Modern dünyada olimpik okçulukta en uzak atış hedefi 90 metredir. Osmanlı’da ise bu mesafe 295 metre idi. Menzil atışlarında ise 845 metreye kadar ulaşılmıştı. Şimdiki Okçuluk Federasyonu konumunda olan ‘atıcılar tekkesi’ne kayıtlı bir okçu olabilmek için 594 metrenin ötesine atış yapmak gerekiyordu. Teknik özellikleri ile dünyayı kendine hayran bırakan Osmanlı okçuluğu şimdilerde Türkiye’de müzelerdeki yay ve oklardan ibaret. Teknik olarak daha iyisi henüz yapılamayan geleneksel Osmanlı yaylarının üretimi günümüzde Kanada’da Amerika’da ve Macaristan’da yapılıyor. Osmanlı okçuluğu hakkında Türkçe kaynaklar yok denecek kadar azken Almanca ve İngilizcede çok sayıda kitap ve makale bulunuyor. Türkiye’de ise Atatürk’ün ölümünden sonra tamamen unutulan Osmanlı okçuluğu 3 yıl önce okçuluğa hobi olarak başlayan bir diş hekimi ve arkadaşlarının gayretleriyle gün yüzüne çıkıyor. Murat Özveri hem geleneksel atış teknikleriyle ok atıyor hem de tarihin tozlu sayfalarına gömülen geleneksel okçuluk hakkında bir dedektif gibi bilgi topluyor. Özveri’nin deyimiyle işin komik bizce trajik olan tarafı geleneksel okçuluğumuz hakkında yabancı ülkelerden bilgi topluyor olması. New York kütüphanesinden kitap araştırıyor Kanadalı Osmanlı kompozit yayları ustasından yay yapımı hakkında bilgi alıyor Macaristan’da Osmanlı okçuluğu müsabakaları düzenleyen okçularla tanışıyor.

Özveri yaptığı araştırmalar sırasında kendisi gibi geleneksel okçuluğa merak salmış insanlarla tanışmış. Kimi ile yabancı sitelerde Osmanlı okçuluğuna ilgi duyan tek Türk olduğu için… Kimi ile yayları incelemeye gittiği müzede; müze yetkililerine “Başka birisi de benim gibi Osmanlı okçuluğuna merak duyuyorsa telefon numaramı ona verin” diye bıraktığı telefon numarası vasıtasıyla irtibat kurmuş. Hepsinin ortak merakları onları dernek kurmaya yönlendirmiş.

Okun başını CHP yedi
Tekke ve zaviyelerin kapatılmasıyla pehlivanlar ve atıcılar tekkesi de kapatılıyor.

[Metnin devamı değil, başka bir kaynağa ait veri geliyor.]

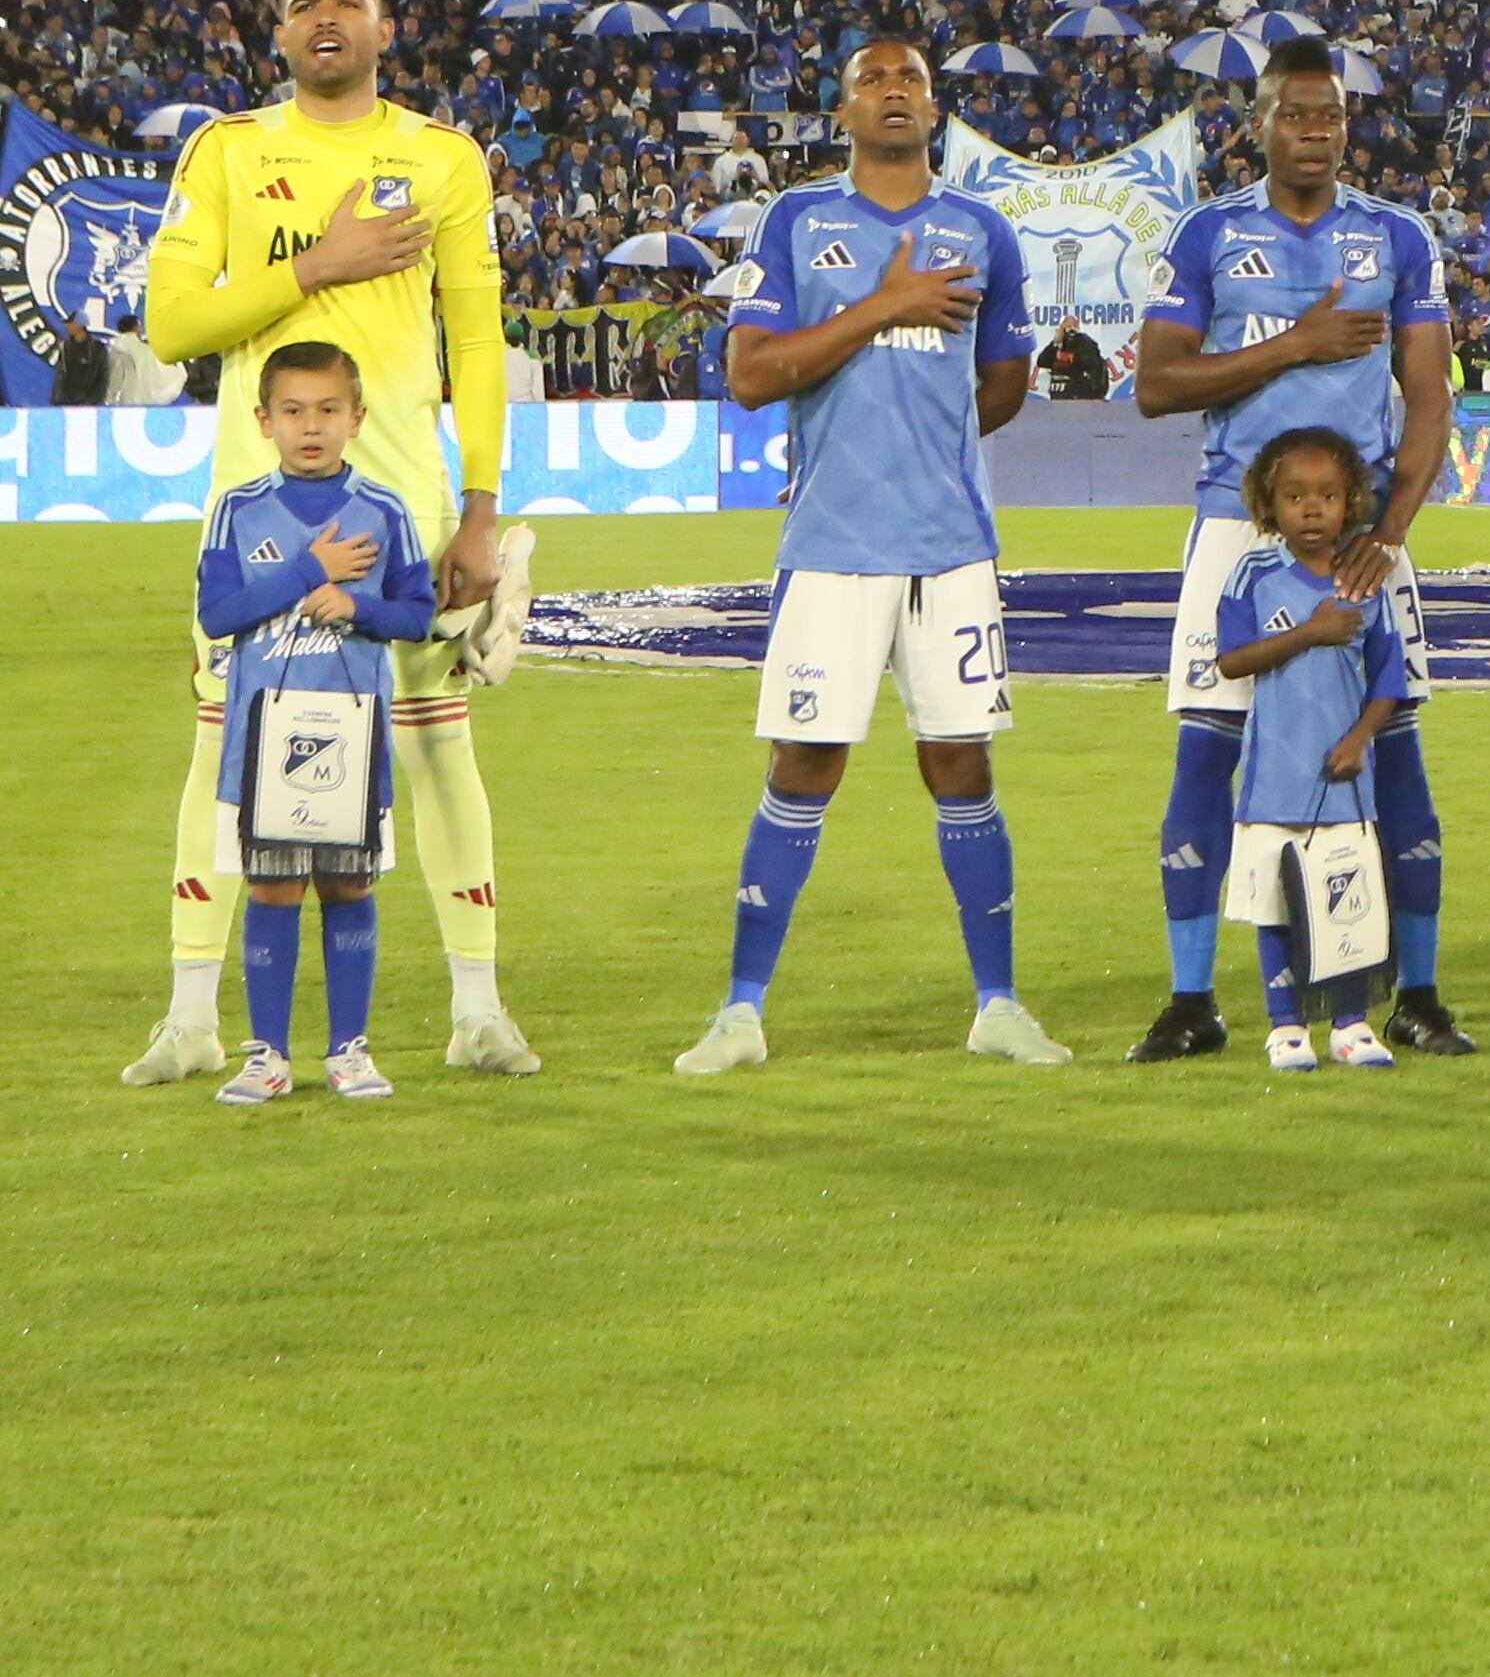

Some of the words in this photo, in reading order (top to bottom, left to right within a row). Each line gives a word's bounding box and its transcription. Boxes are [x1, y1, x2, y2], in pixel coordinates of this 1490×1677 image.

[1045, 166, 1099, 181] 2010
[996, 182, 1051, 222] MÁS
[1060, 182, 1134, 216] ALLÁ
[1126, 203, 1162, 243] DE
[268, 226, 322, 266] AN
[1034, 302, 1134, 326] UBICANA
[1241, 313, 1296, 348] AN
[954, 623, 1006, 685] 20

Atatürk 1937 yılında kemankeş ailelerinden bazılarına Türk okçuluğunu kurma görevini verir. Bu sayede okçuluk yeniden canlanıyor; ancak Atatürk’ün ölümünün ardından tepeden inme bir emirle bu spor tekrar unutulmaya terk ediliyor. Şimdiki modern okçuluğun temelleri ise 1950 yılında ordudan genç bir subayın Anglosakson kökenli okçuluğu kurmasıyla atılıyor. Türkiye’de halen dünyanın norm kabul ettiği Anglosakson kökenli modern okçuluk yapılıyor.

Bugün at üzerinde hedef vurulabilir mi?
Evet vurulabilir; eğer gerekli destek verilirse Murat Özveri ve ekibi hem kendilerini yetiştirip hem de arzu edenleri yetiştirerek bir efsane olan at üstünde hareketli hedefleri vurma ve 700-800 metrelere atışlar yapabilir. Tabii futbol sahalarının yeşil çimleri dışında kalan tribün önünde yapılan antrenmanlarla değil. Zira fotoğraf çekimi için antrenmanlarına gittiğimizde tanık olduğumuz bir olay bunu gözler önüne seriyor: “Sakın çimlere doğru atış yapmayın. Alimallah ok parçaları kalır sonra futbolcuların ayağına batar sakatlanırlar” diye azarlayan stat görevlileri ile muhatap oluyorlar. Kışın ise Türkiye’de ki bütün okçular gibi statların tribün altlarında kalan havasız ve soğuk alanlarında çalışıyorlar. Macaristan’da Amerika’da ve dünyanın başka birçok yerinde Osmanlı ya da Türk okçuluğu biliniyor ve ilgilileri tarafından yaşatılıyor. Ama Türkiye’de bunun için atış yapacak imkân yok. Bir zamanların Okmeydanı gibi bir alanın okçulara tahsis edilmesi durumunda menzil okçuluğu (en uzağa ok atma) kabak okçuluğu (direk üzerindeki kabağı at üstünde seyir halinde iken vurma) ve at üzerinde hareketli hedefleri vurma gösterilerinin yapılması mümkün olabilir. Folklorik bir unsurumuz olan geleneksel okçuluğumuzu yeniden canlandırmaya çalışan ekibe uygun bir alanın verilmesi hem antrenmanlarını kolaylaştırır hem de meraklılarının izlemesine imkân verir. Özveri Sadabat Şenlikleri’nde Osmanlı yayı ile atışlar yaptığını izleyenlerin bundan büyük aaaif aldığını anlatıyor.
‘Çile çekmek’ ve
‘kepaze olmak’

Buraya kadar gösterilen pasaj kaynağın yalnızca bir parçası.